EXERCISE DIRECTIONS: Copying task for the records below: reproduce each one exactly and drop the pictures.

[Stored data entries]

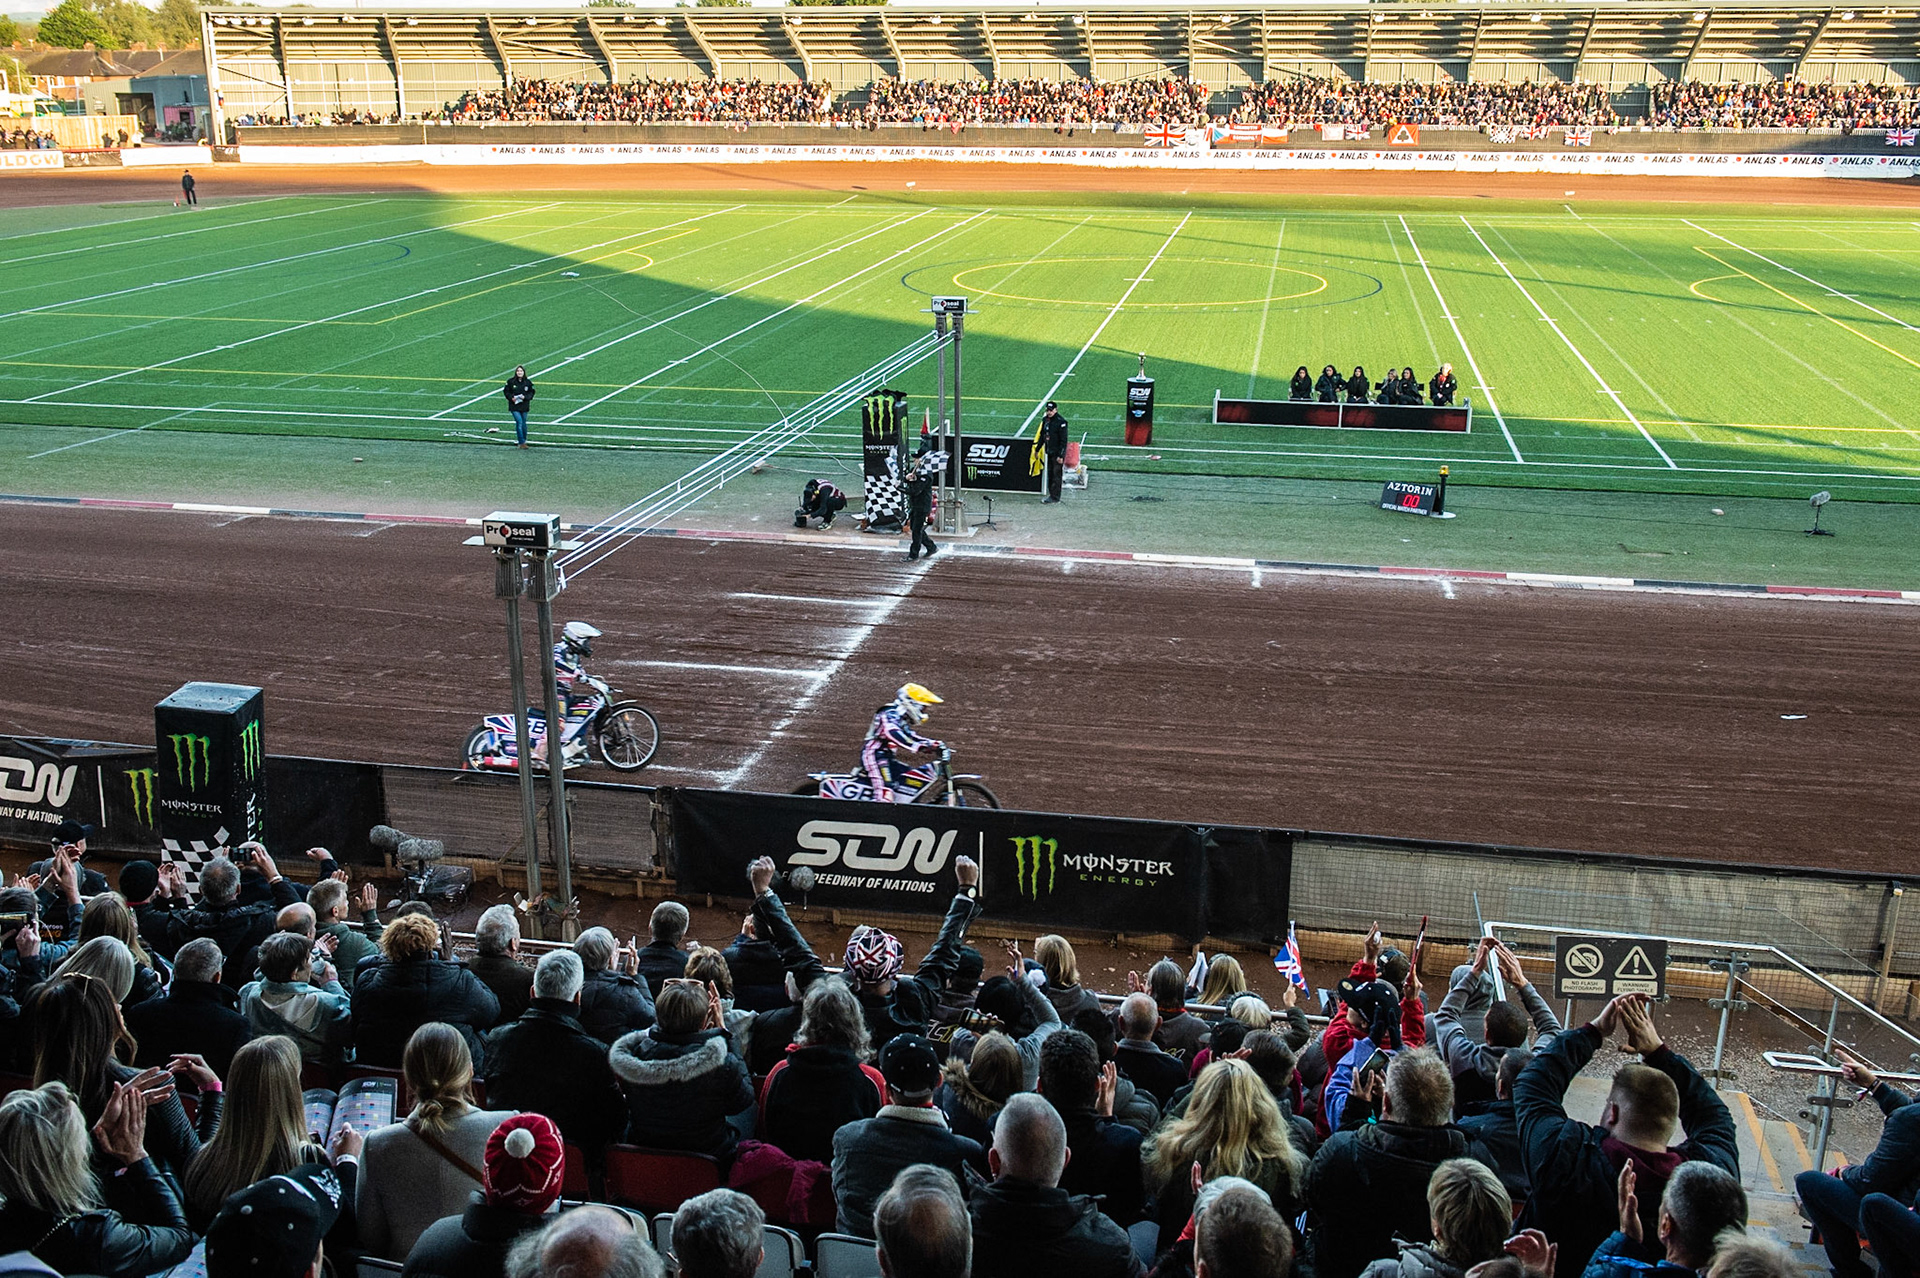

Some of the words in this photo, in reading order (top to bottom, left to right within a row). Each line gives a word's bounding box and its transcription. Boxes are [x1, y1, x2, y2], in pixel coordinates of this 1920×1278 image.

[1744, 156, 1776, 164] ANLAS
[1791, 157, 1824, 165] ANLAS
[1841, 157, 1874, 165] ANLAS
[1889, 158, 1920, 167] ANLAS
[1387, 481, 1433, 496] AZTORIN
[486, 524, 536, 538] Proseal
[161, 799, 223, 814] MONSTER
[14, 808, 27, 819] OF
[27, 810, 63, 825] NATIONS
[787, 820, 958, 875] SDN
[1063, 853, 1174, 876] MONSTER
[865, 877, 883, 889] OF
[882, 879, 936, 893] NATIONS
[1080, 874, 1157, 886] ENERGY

TASK RESPONSE:
Some of the words in this photo, in reading order (top to bottom, left to right within a row). Each line gives a word's bounding box and its transcription. Boxes are [x1, y1, x2, y2], in pixel coordinates of this 1920×1278 image.

[1744, 156, 1776, 164] ANLAS
[1791, 157, 1824, 165] ANLAS
[1841, 157, 1874, 165] ANLAS
[1889, 158, 1920, 167] ANLAS
[1387, 481, 1433, 496] AZTORIN
[486, 524, 536, 538] Proseal
[161, 799, 223, 814] MONSTER
[14, 808, 27, 819] OF
[27, 810, 63, 825] NATIONS
[787, 820, 958, 875] SDN
[1063, 853, 1174, 876] MONSTER
[865, 877, 883, 889] OF
[882, 879, 936, 893] NATIONS
[1080, 874, 1157, 886] ENERGY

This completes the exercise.